Le 29 septembre 1898 au matin, plus de 2 pèlerins des paroisses de Muro, Zilia, Nes, Félicito, Poggiola se donnent rendez-vous à la gare de Regino. De là, ils vont vénérer l'image miraculeuse de Notre Dame de Novella qui depuis plus d'un an attire à ses pieds tant de foule, et accorde tant de grâces à ceux qui vont l'invoquer avec confiance et amour. Les cloches carillonnent et saluent à leur manière les pieux pèlerins... Plusieurs filles de Novella, habillées de blanc et portant des bouquets de fleurs prennent la statue de Notre Dame, tandis que les demoiselles du pèlerinage, portent les cordons attachés autour de l'image bénite.

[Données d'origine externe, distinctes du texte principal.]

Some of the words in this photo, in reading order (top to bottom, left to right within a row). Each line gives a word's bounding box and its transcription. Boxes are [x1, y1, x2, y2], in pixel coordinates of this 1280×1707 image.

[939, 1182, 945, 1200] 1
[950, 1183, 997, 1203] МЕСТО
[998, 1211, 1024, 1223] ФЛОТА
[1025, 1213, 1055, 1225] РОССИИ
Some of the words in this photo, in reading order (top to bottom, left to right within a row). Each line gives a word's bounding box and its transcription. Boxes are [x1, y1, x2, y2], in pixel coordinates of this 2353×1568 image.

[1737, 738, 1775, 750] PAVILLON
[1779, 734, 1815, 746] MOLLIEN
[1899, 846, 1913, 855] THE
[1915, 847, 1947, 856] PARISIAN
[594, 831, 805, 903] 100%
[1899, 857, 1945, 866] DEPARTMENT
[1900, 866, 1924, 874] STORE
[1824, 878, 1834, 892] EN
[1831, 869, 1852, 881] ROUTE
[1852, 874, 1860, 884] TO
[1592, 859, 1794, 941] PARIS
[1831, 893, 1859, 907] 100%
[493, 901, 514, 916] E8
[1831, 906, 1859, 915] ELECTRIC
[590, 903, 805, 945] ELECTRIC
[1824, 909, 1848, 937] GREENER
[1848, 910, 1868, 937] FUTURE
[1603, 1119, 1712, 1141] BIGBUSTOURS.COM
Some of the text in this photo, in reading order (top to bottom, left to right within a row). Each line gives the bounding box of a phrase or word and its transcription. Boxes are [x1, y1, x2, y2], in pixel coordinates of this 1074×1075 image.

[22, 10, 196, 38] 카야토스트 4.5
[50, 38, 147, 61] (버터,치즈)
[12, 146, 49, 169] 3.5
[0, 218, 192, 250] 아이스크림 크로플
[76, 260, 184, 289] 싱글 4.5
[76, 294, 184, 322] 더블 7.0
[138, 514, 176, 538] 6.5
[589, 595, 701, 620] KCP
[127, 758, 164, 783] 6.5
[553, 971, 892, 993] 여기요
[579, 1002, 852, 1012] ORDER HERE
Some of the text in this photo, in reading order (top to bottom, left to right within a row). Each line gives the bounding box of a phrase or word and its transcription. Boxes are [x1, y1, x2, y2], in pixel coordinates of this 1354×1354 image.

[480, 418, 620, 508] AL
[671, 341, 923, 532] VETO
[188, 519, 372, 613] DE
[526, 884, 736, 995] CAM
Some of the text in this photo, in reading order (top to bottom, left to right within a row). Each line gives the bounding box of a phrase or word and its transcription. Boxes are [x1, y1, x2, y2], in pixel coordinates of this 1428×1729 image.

De leur côté, les garçons portent pieusement un tableau du crucifix des miracles de Muro. La foule déjà importante aux gares de Belgodère et de Palasca, augmente encore avec les personnes venant des cantons d'Olmi Capella, de Lama et de Murato.
Toute la paroisse de Novella se rend en cortège à Notre-Dame, et à l'entrée du village la foule atteint 500 personnes.
A cet instant, le spectacle est vraiment, imposant. Après une courte et fervente prière au Saint-Sacrement, les pèlerins se tournent tous vers l'image bénite. A 11 heures, la messe est célébrée par le curé de Muro, assisté par les curés d'Urtaca et de Brustico ; les orgues sont tenues par le curé de Zilia.
Nouvelle réunion à l'autel de Notre-Dame selon le programme de la fête, à ce moment là, on devait distribuer des souvenirs à chaque pèlerin, mais les objets n'étant pas arrivés à temps, Monsieur le curé, archiprêtre de Calvi s'est contenté d'en remettre un, au nom de tous, au pieux et zélé curé de Novella "Orsini" (voir photo de la médaille de Novella). L'église de Novella, par ses dimensions, sa décoration, son histoire, témoigne de l'esprit bâtisseur et de la foi sublime de nos aîeux. Dans un médaillon, tout en haut de la voûte, figure cette inscription : "la maison de prière, ma maison" "Orationis domus, domus mea".